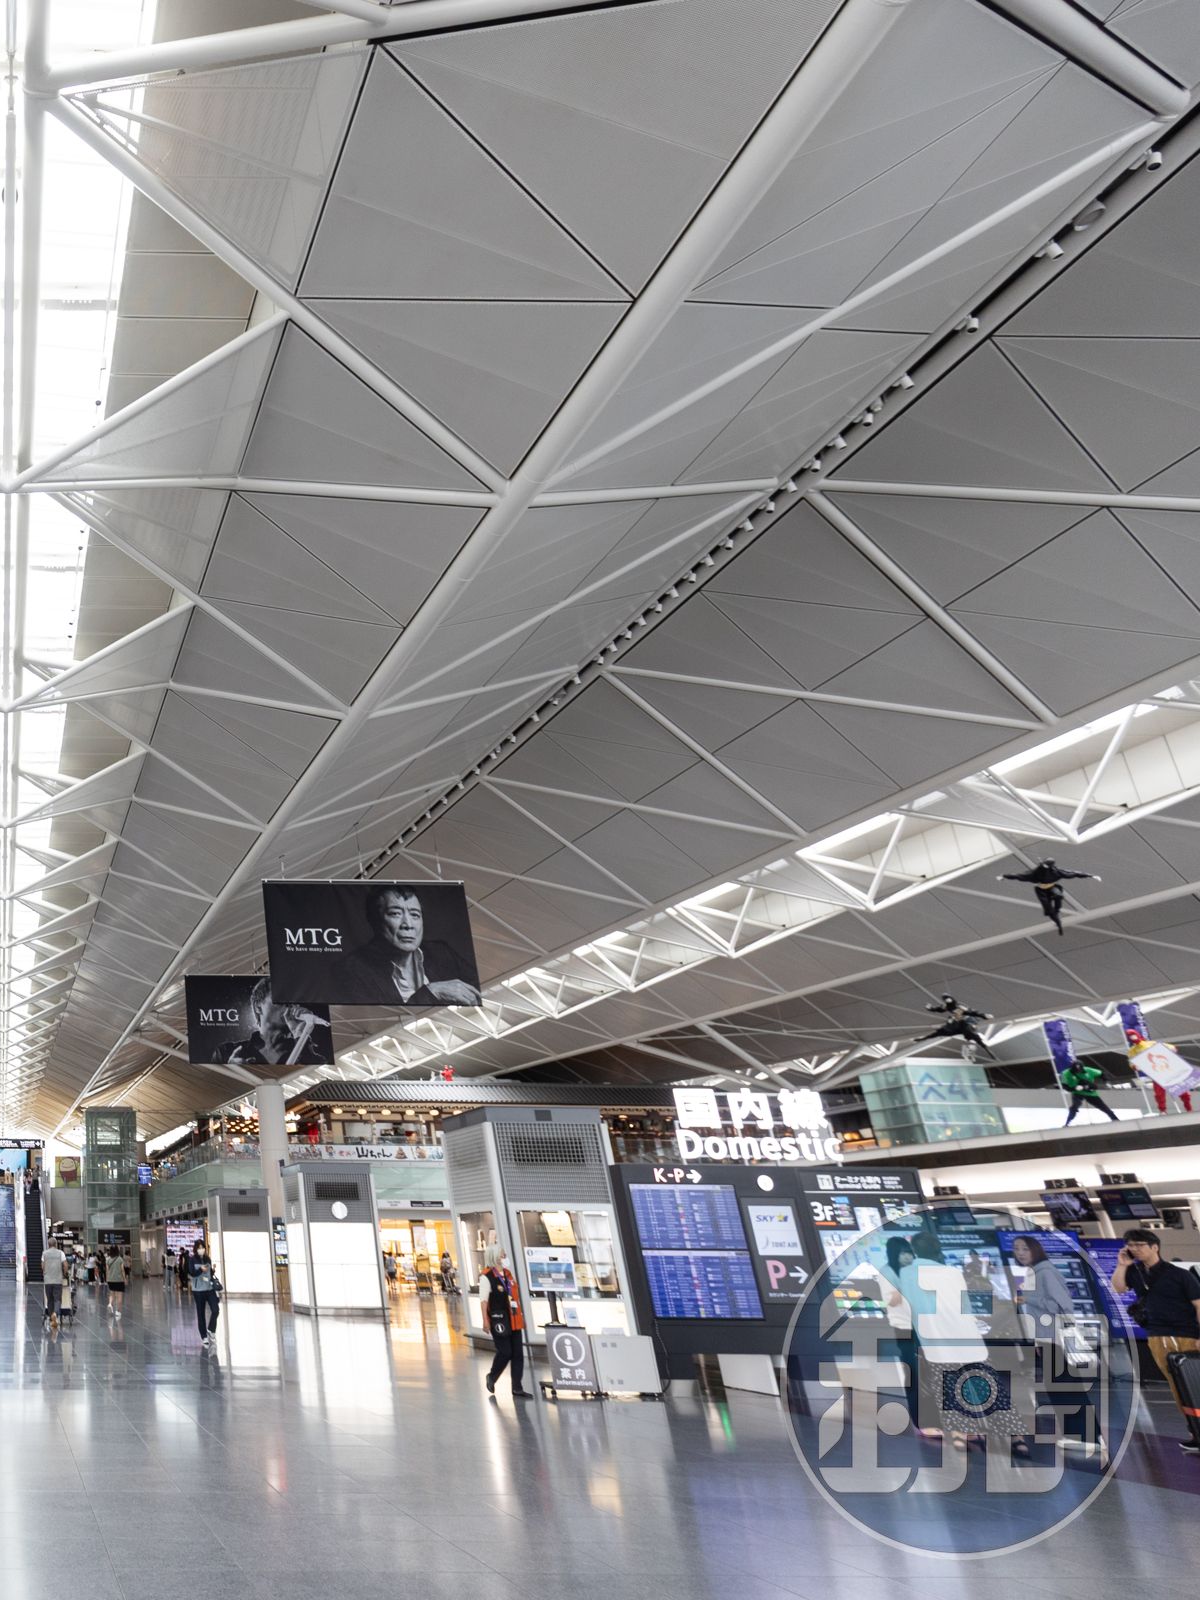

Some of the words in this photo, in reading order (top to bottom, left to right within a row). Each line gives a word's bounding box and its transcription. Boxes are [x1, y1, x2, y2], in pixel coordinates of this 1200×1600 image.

[284, 927, 343, 946] MTG
[199, 1008, 240, 1022] MTG
[672, 1088, 828, 1130] 国内線
[676, 1129, 844, 1161] Domestic
[653, 1167, 685, 1183] K-P
[810, 1201, 834, 1221] 3F
[765, 1260, 788, 1290] P
[556, 1379, 593, 1387] Information
[560, 1368, 586, 1379] 案内
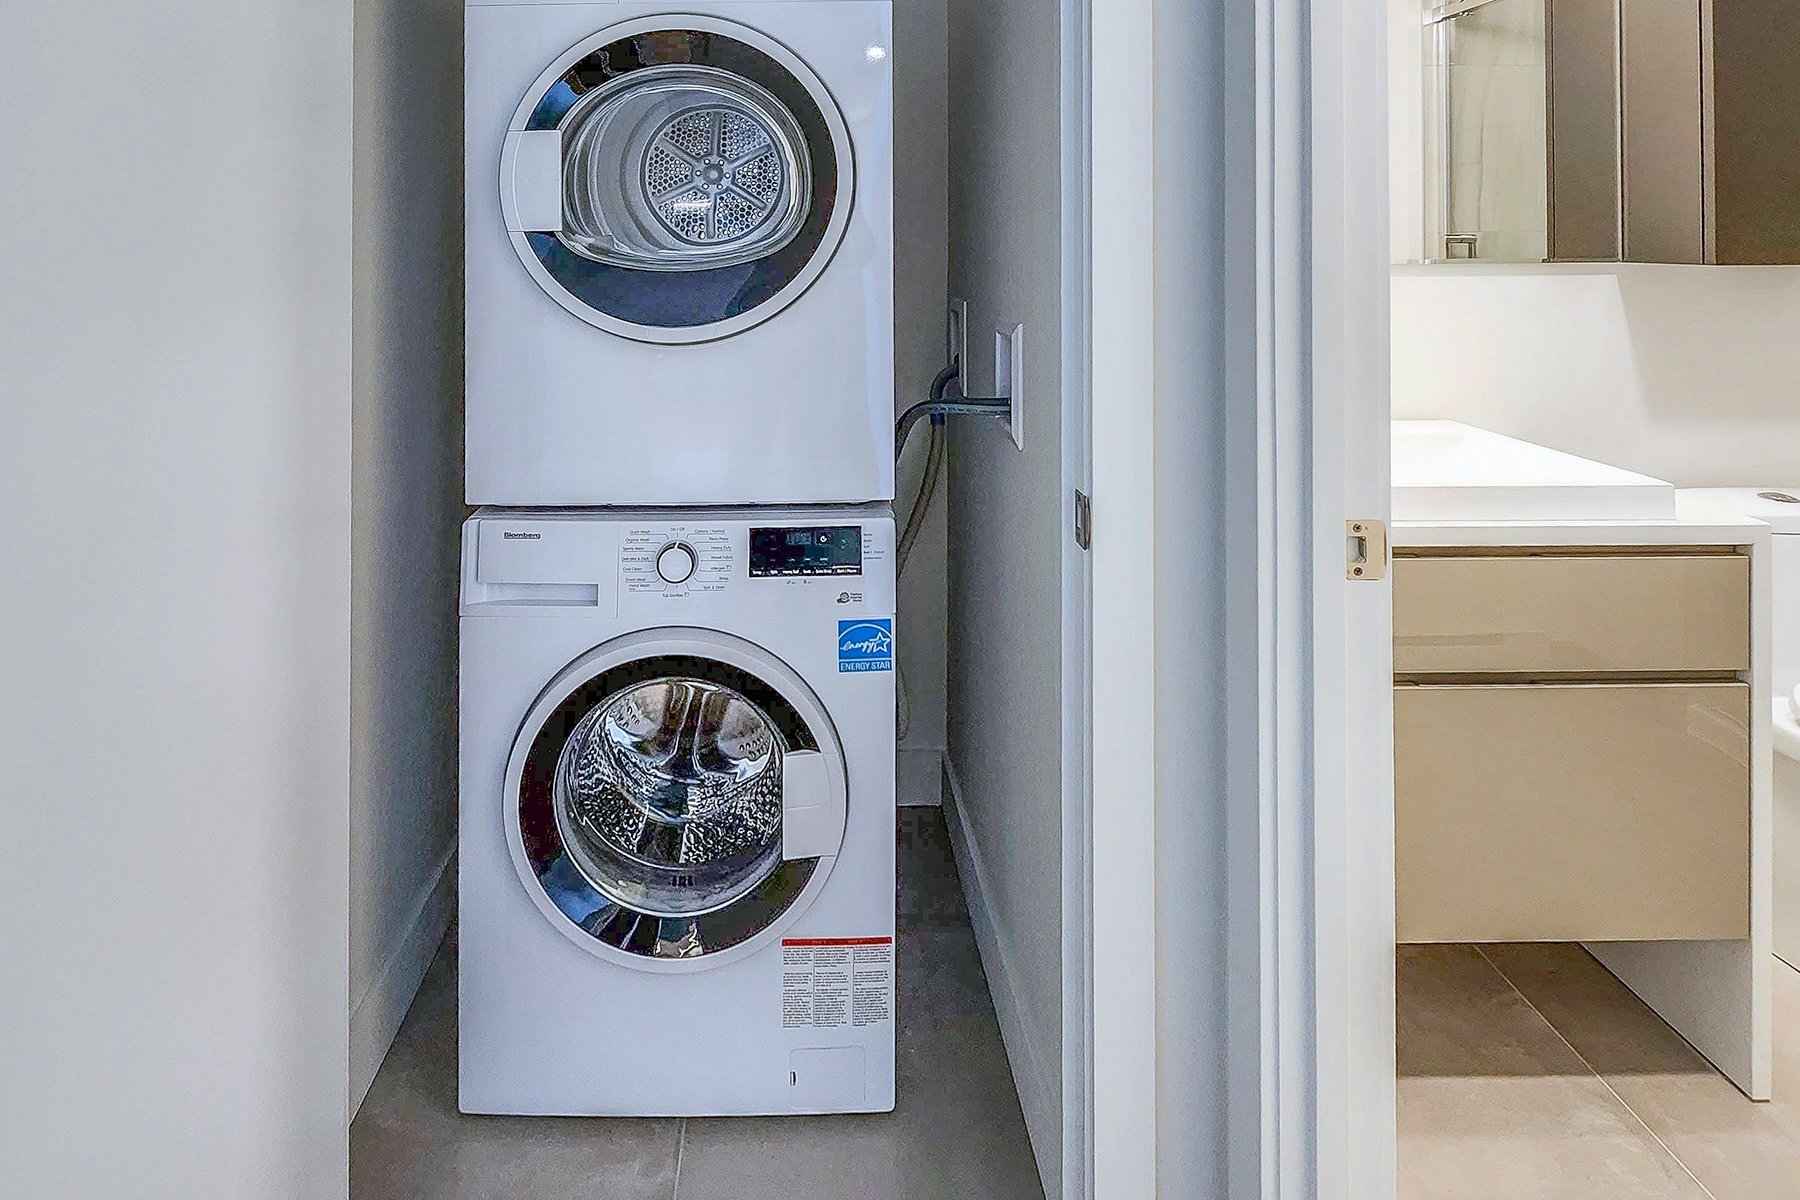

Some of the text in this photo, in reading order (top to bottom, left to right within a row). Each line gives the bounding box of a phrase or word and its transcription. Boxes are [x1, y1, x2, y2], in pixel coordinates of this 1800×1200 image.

[503, 531, 541, 540] Blomberg
[840, 661, 891, 671] ENERGY STAR

- - - - - - -

Task directions
Output the full material exactly as given, without its pictures.

Result of this exercise
Some of the words in this photo, in reading order (top to bottom, left to right within a row). Each line gives a word's bounding box and its transcription. Boxes are [x1, y1, x2, y2], in pixel coordinates of this 1200×1600 image.

[284, 927, 343, 946] MTG
[199, 1008, 240, 1022] MTG
[672, 1088, 828, 1130] 国内線
[676, 1129, 844, 1161] Domestic
[653, 1167, 685, 1183] K-P
[810, 1201, 834, 1221] 3F
[765, 1260, 788, 1290] P
[556, 1379, 593, 1387] Information
[560, 1368, 586, 1379] 案内

Some of the text in this photo, in reading order (top to bottom, left to right within a row). Each line gives the bounding box of a phrase or word and its transcription. Boxes are [x1, y1, x2, y2], in pixel coordinates of this 1800×1200 image.

[503, 531, 541, 540] Blomberg
[840, 661, 891, 671] ENERGY STAR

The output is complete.